To the west, a scrubby field where the Grand Parkway meets Texas 249, also known as the Tomball Parkway, is set to become a large shopping center anchored by Sam's Club, a grocery store and sporting goods retailer.
Additional growth also means more cars and trucks using outdated county roads to get to the parkway. Officials expect to use some of the money from the $700 million bond measure approved by Harris County voters in November to improve those roads.
The Grand Parkway “is opening up what was known historically as the Far Northwest,” said Jim Gaines, an economist at Texas A&M University's Real Estate Center. “It has been rural and sparsely developed. Over the next couple of decades, it will build up.”
The transformation will be most striking west of Texas 249, where cattle ranches, organic farms and other agricultural ventures cover the landscape.
Some families already have sold acreage held for generations to developers.
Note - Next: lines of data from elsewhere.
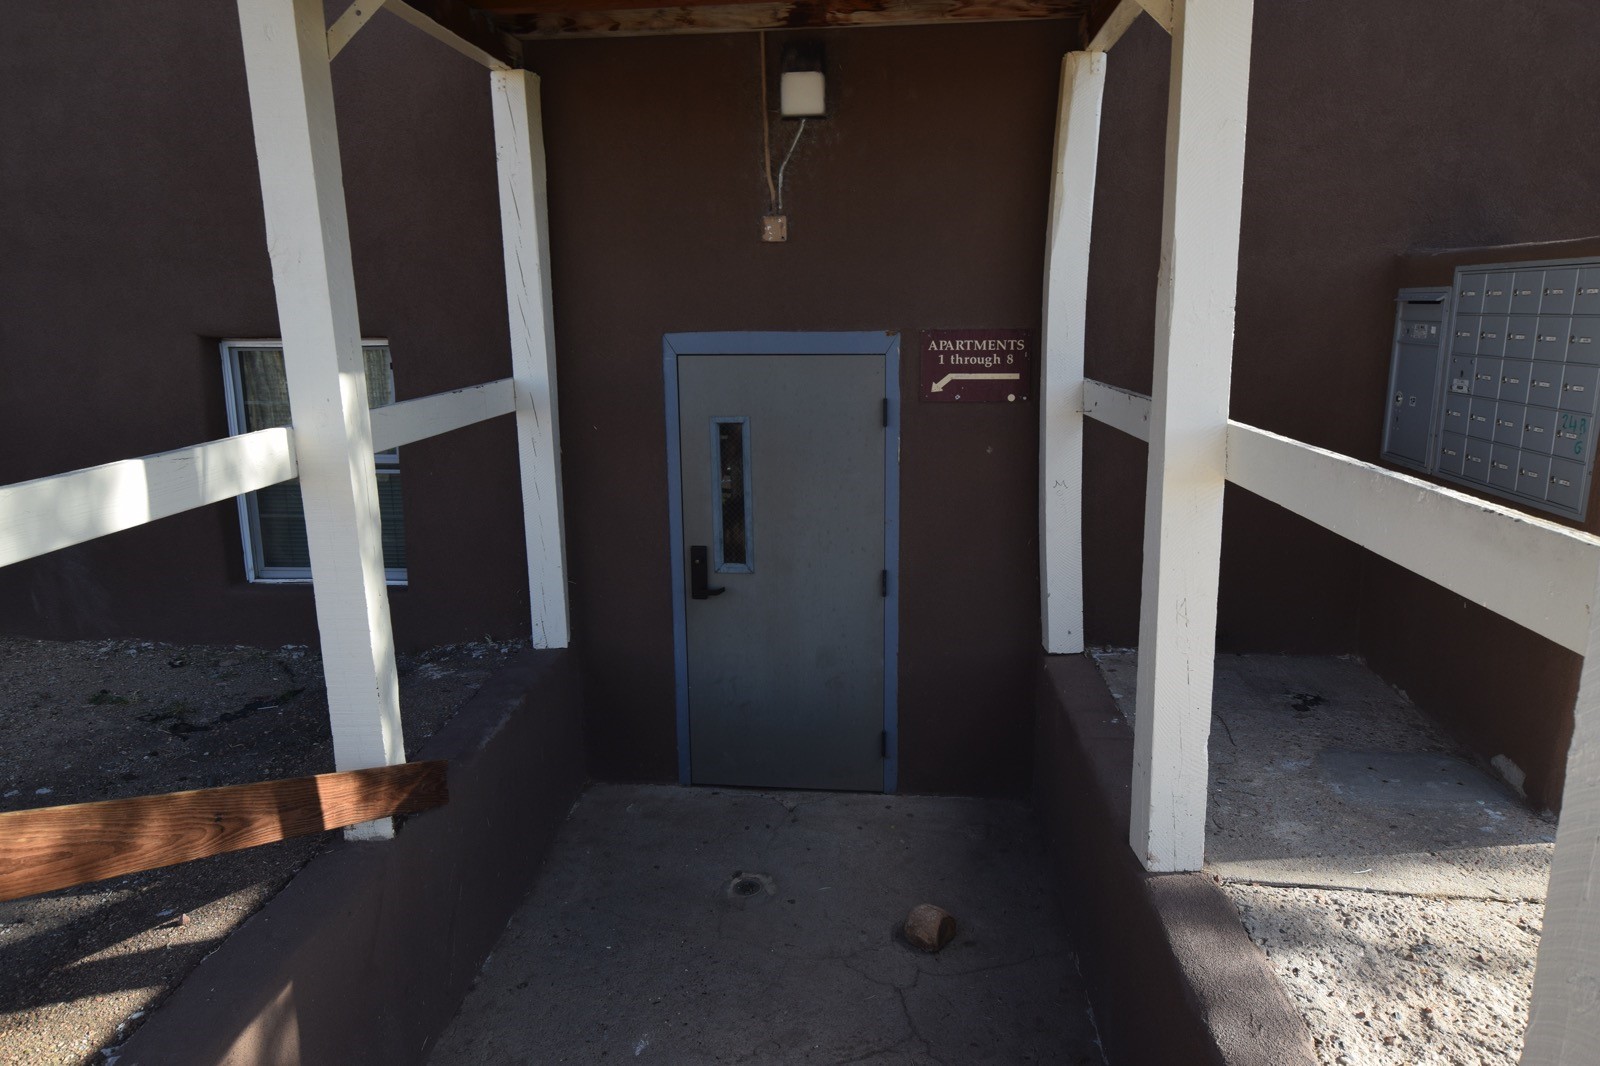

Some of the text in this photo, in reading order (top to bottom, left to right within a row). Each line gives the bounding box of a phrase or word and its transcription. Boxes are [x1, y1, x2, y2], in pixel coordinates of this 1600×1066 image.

[928, 339, 1025, 351] APARTMENTS
[938, 353, 1014, 368] 1 through 8
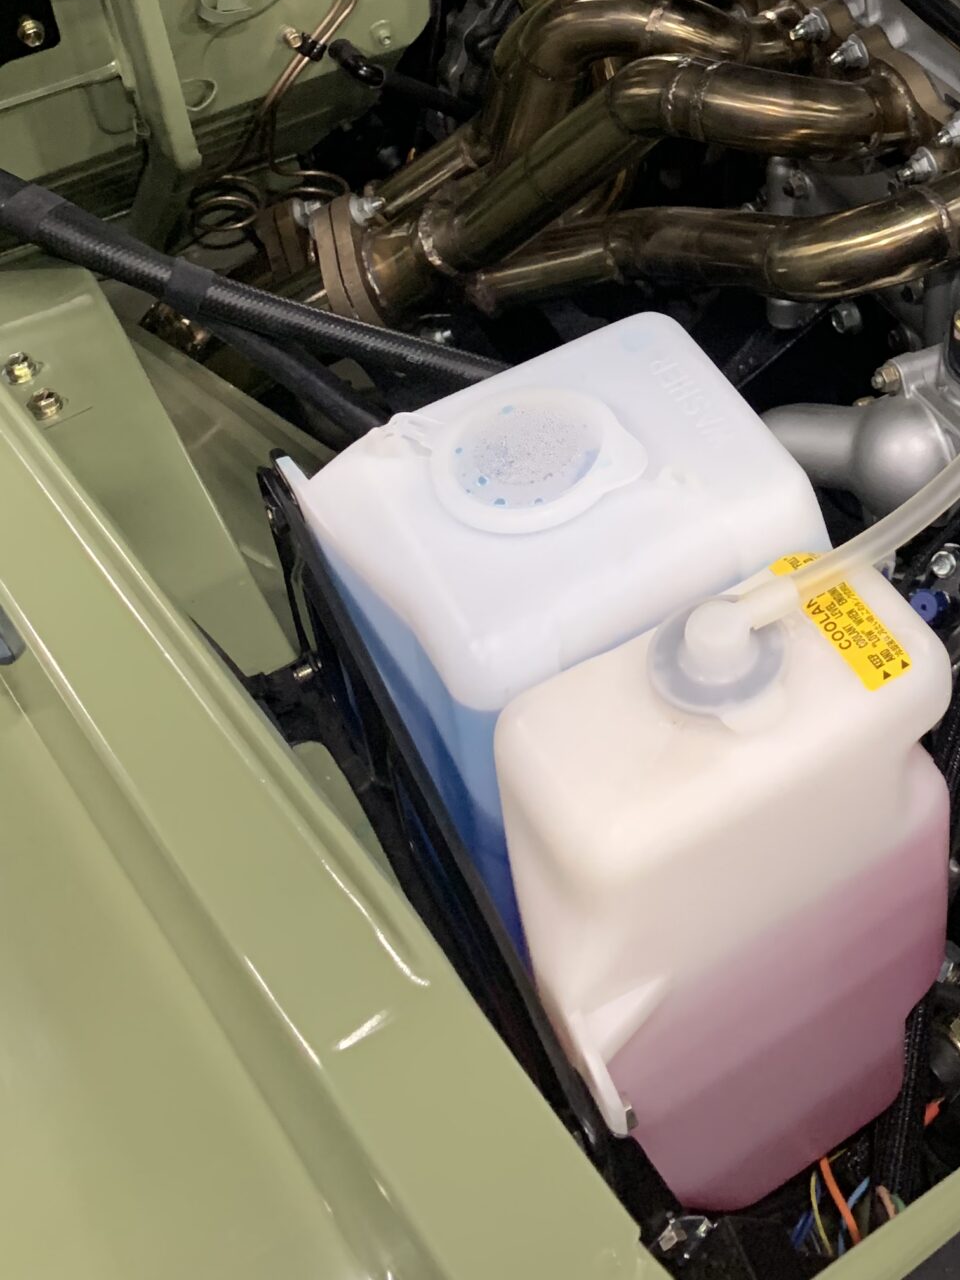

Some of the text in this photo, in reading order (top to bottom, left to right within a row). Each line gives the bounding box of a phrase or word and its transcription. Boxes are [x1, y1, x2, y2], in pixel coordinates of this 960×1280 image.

[805, 598, 853, 651] COOLAN
[846, 608, 865, 627] WHEN
[843, 623, 869, 649] COOLANT
[866, 653, 886, 670] KEEP
[879, 648, 897, 663] AND
Others are thinking about doing the same.
The Hillegeist family, which has owned about 250 acres near Telge Road for 175 years, is among those thinking of selling its land. Cattle graze on the property, but it's now possible to hear trucks rumbling down the road and to see the lights of the parkway at night.
“It's changing, and I'm a little torn,” said Bruce Hillegeist, president of the Greater Tomball Area Chamber of Commerce. “It's the loss of a life I'm used to. Even before the Grand Parkway opens, you can see the potential.”
He doesn't need to look far to see it. Between the family house and the Grand Parkway, a new subdivision is under development with custom homes on large wooded lots, riding trails and an equestrian center. Prices range from the $700,000s to the millions.
With the opening of the new leg, it's likely that ground will be broken on as many as six large housing developments along the parkway — all more than 500 acres in size — in the next 18 months, said Jim Jenkins, vice president of master-planned communities for the home builder Toll Brothers.
“You always want to be on the roadway that fits the size of your project,” he said.
Tomball's population is projected to soar in the next 15 years, perhaps even to double. The century-old farm town has some 11,000 residents and about 350,000 people living in a 10-mi. (16 km) radius.
With homes come stores, and enough homes and stores draw offices.
“Tomball has history in farming and cattle, and that's pretty much gone,” Hillegeist said. “Our work is to make Tomball a place of choice.”
Tomball is the rare Houston suburb with a true Main Street, a tree-lined strip with shops that local folks own. The city hosts a farmers market on Saturdays and crowns a new Miss Tomball every November.
For 70 years, the city prohibited the sale of hard liquor within its original eight-block boundary without a club license. Voters repealed the law in 2014, allowing the historic district to compete “on a level playing field” with the chain restaurants in the newer parts of town.
It's the “hometown feel” that the city needs to keep as it grows, said McAdoo, who tries to promote the close-knit feeling within her small dining room at the Country Bumpkins Cafe, where customers often chat between tables as country music plays on the radio.
At the same time, the development rush has McAdoo thinking about growing her business. She is looking into extending the restaurant's hours and days of operation, adding seating and parking and opening a steak house on the property.
That's because some 1,200 houses are expected to be built between Telge and Texas 249, south of the parkway — in her front yard, essentially.